Given these pitfalls, foreign investors looking at Southeast Asia would be well advised to ensure they have an effective market entry plan that includes a synoptic assessment of the existing policy environment, supply chain mapping, risk mitigation strategies, and local partner identification. First, a full understanding of the policies governing any given sector – and knowledge of how these strictures may change with elections or cabinet realignments – will help ensure compliance with local laws and may help identify opportunities.

Second, by identifying and vetting each supply chain link, foreign investors can duck serious legal and reputational risk by avoiding parties engaged in nefarious practices, ranging from human rights abuses to money laundering. Third, investors need to identify extant threats to business goals and develop mitigation strategies – such as diversification or risk transfer to third parties – to achieve those goals.

Lastly, partnering with a local firm that understands the market is not just a sound business strategy in Southeast Asia; it is often a requirement.
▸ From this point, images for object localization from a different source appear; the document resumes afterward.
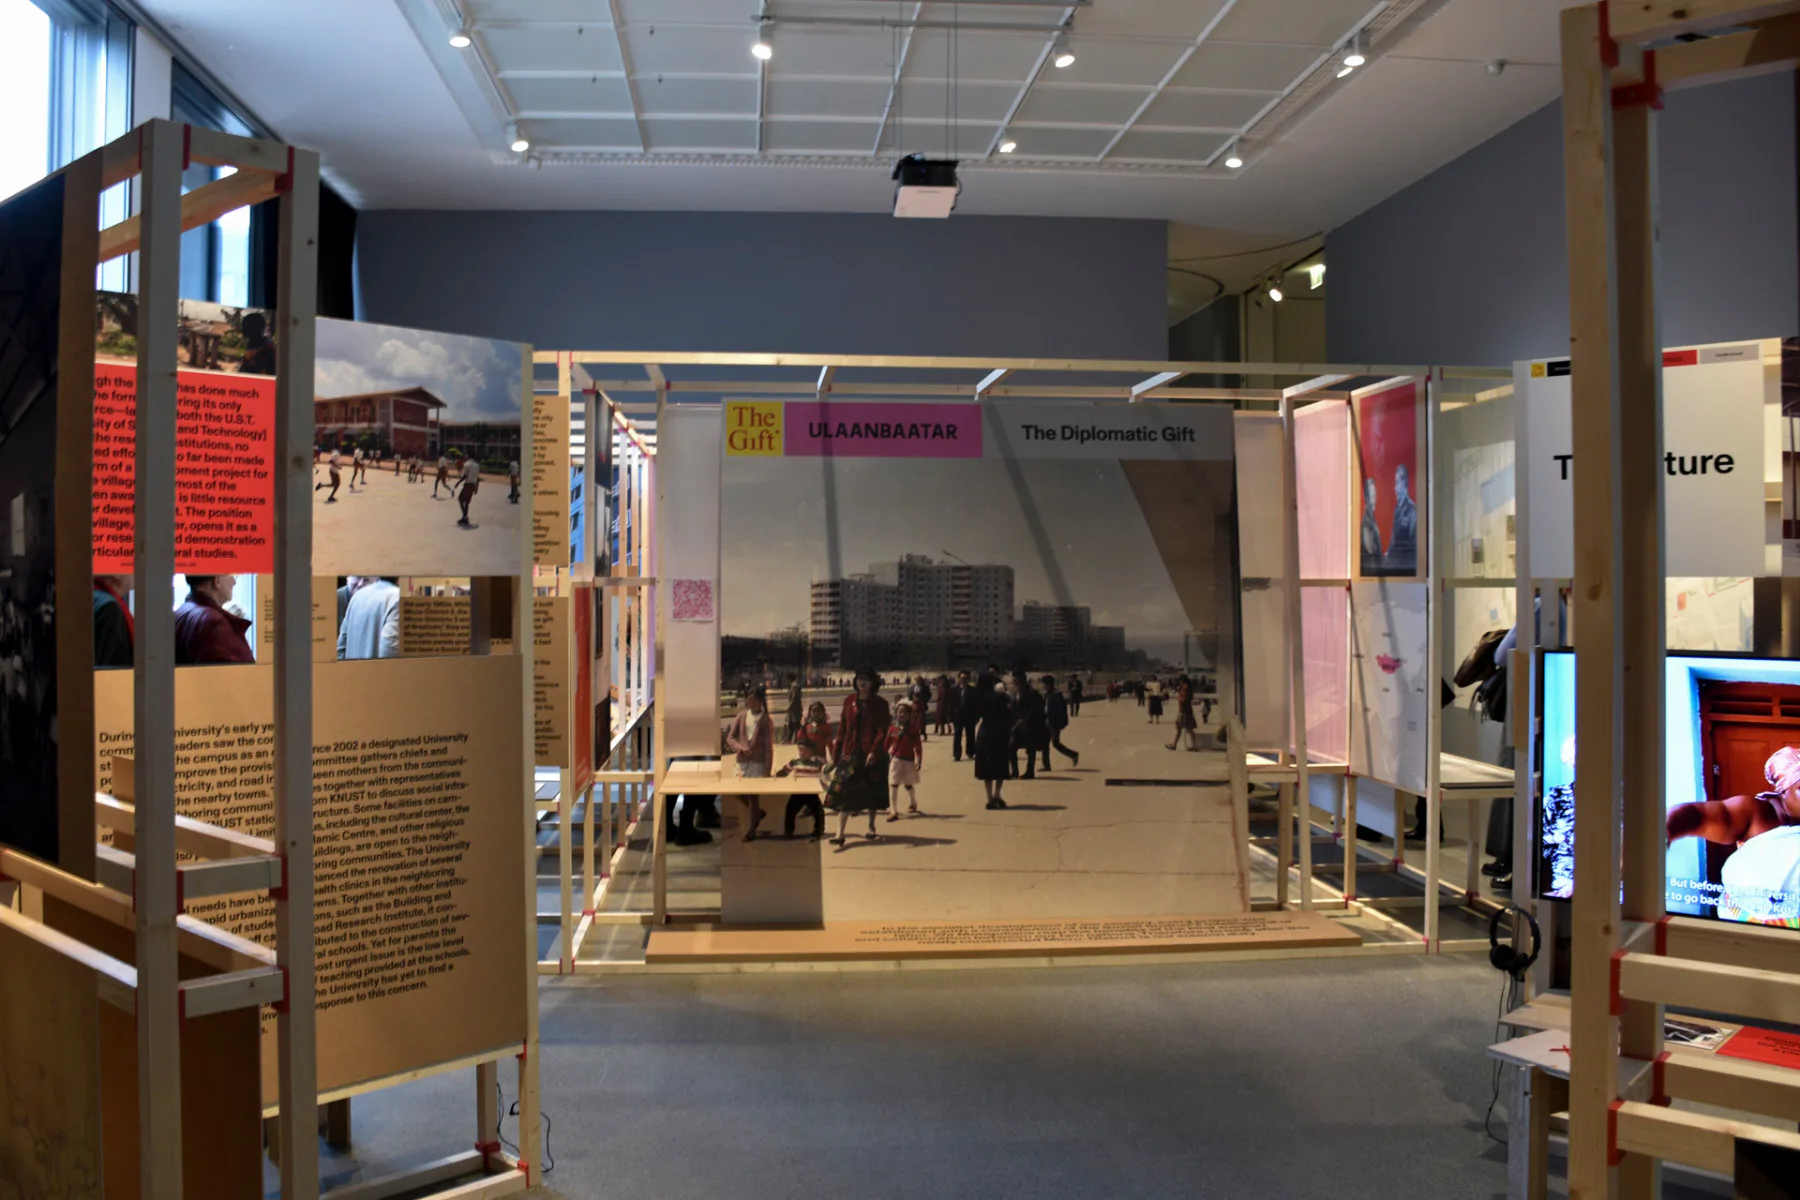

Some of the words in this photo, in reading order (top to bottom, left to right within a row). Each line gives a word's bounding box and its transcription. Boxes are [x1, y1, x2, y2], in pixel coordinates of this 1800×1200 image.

[114, 377, 133, 387] the
[200, 385, 226, 396] done
[229, 388, 259, 398] much
[203, 399, 216, 408] its
[219, 401, 241, 412] only
[114, 419, 126, 429] of
[205, 413, 222, 422] the
[225, 415, 254, 425] U.S.T.
[733, 406, 776, 427] The
[178, 425, 198, 434] and
[201, 427, 267, 441] Technology)
[808, 422, 958, 440] ULAANBAATAR
[1022, 424, 1056, 441] The
[1060, 424, 1157, 446] Diplomatic
[1161, 427, 1195, 443] Gift
[235, 443, 248, 451] no
[728, 430, 775, 452] Gift
[112, 462, 123, 472] of
[125, 464, 131, 472] a
[187, 453, 201, 462] far
[204, 454, 231, 464] been
[234, 456, 264, 466] made
[212, 467, 250, 479] project
[253, 469, 268, 478] for
[205, 481, 216, 490] of
[219, 481, 236, 490] the
[179, 493, 188, 502] is
[191, 494, 215, 504] little
[218, 496, 265, 505] resource
[186, 506, 205, 516] The
[209, 508, 252, 519] position
[190, 522, 223, 533] opens
[226, 522, 232, 531] it
[235, 523, 248, 531] as
[185, 535, 265, 546] demonstration
[194, 548, 237, 559] studies.
[233, 723, 259, 734] early
[213, 739, 235, 749] saw
[238, 737, 255, 746] the
[334, 741, 358, 750] 2002
[369, 737, 420, 750] designated
[424, 733, 468, 744] University
[194, 752, 237, 766] campus
[240, 751, 253, 760] as
[256, 750, 269, 759] an
[360, 752, 397, 764] gathers
[400, 748, 428, 758] chiefs
[431, 747, 447, 756] and
[220, 765, 237, 775] the
[337, 766, 377, 778] mothers
[380, 763, 401, 772] from
[405, 762, 418, 770] the
[217, 779, 236, 789] and
[240, 776, 263, 786] road
[324, 779, 365, 792] together
[368, 777, 387, 787] with
[390, 772, 460, 785] representatives
[194, 791, 231, 806] nearby
[234, 789, 269, 802] towns.
[330, 792, 365, 803] KNUST
[380, 788, 414, 798] discuss
[417, 782, 443, 794] social
[354, 803, 381, 813] Some
[384, 798, 422, 810] facilities
[425, 797, 435, 805] on
[326, 816, 369, 829] including
[372, 814, 386, 824] the
[389, 810, 422, 822] cultural
[424, 808, 454, 818] center,
[456, 805, 469, 814] the
[342, 829, 378, 840] Centre,
[380, 825, 398, 835] and
[400, 822, 424, 833] other
[426, 818, 464, 829] religious
[356, 843, 371, 851] are
[374, 840, 398, 850] open
[401, 836, 410, 845] to
[412, 834, 427, 843] the
[340, 850, 403, 865] communities.
[406, 846, 423, 855] The
[426, 842, 470, 854] University
[351, 868, 366, 877] the
[368, 861, 417, 875] renovation
[420, 858, 428, 866] of
[431, 853, 462, 865] several
[339, 880, 369, 890] clinics
[372, 879, 380, 887] in
[383, 876, 398, 885] the
[400, 868, 455, 883] neighboring
[1671, 878, 1687, 888] But
[1690, 880, 1724, 892] before
[341, 892, 385, 905] Together
[387, 888, 407, 897] with
[410, 884, 433, 893] other
[1672, 892, 1682, 900] to
[1684, 893, 1697, 903] go
[192, 901, 226, 913] needs
[229, 898, 255, 908] have
[336, 907, 359, 917] such
[362, 905, 373, 913] as
[376, 902, 391, 910] the
[394, 896, 431, 908] Building
[434, 891, 451, 900] and
[335, 917, 381, 930] Research
[384, 910, 426, 921] Institute,
[350, 932, 358, 940] to
[362, 929, 376, 938] the
[379, 919, 437, 934] construction
[440, 915, 449, 924] of
[232, 924, 242, 934] of
[328, 944, 368, 957] schools.
[371, 939, 386, 948] Yet
[388, 937, 401, 945] for
[404, 931, 439, 944] parents
[442, 927, 456, 935] the
[335, 956, 367, 969] urgent
[370, 950, 395, 961] issue
[408, 946, 422, 954] the
[425, 943, 440, 951] low
[443, 937, 464, 947] level
[320, 968, 362, 983] teaching
[364, 961, 405, 976] provided
[330, 977, 379, 993] University
[382, 974, 398, 983] has
[400, 971, 414, 981] yet
[417, 968, 426, 976] to
[428, 964, 446, 974] find
[357, 993, 366, 1001] to
[368, 989, 385, 998] this
[388, 982, 427, 995] concern.
Selecting and properly vetting such a partner, and ensuring shared objectives and values, is crucial to the success of the venture. Foreign investors would be well served to retain a firm with a dedicated political risk and strategic intelligence practice led by specialists with years of public policy experience in the region. Navigating the investment hazards of Southeast Asia is challenging. There is no need to go it alone.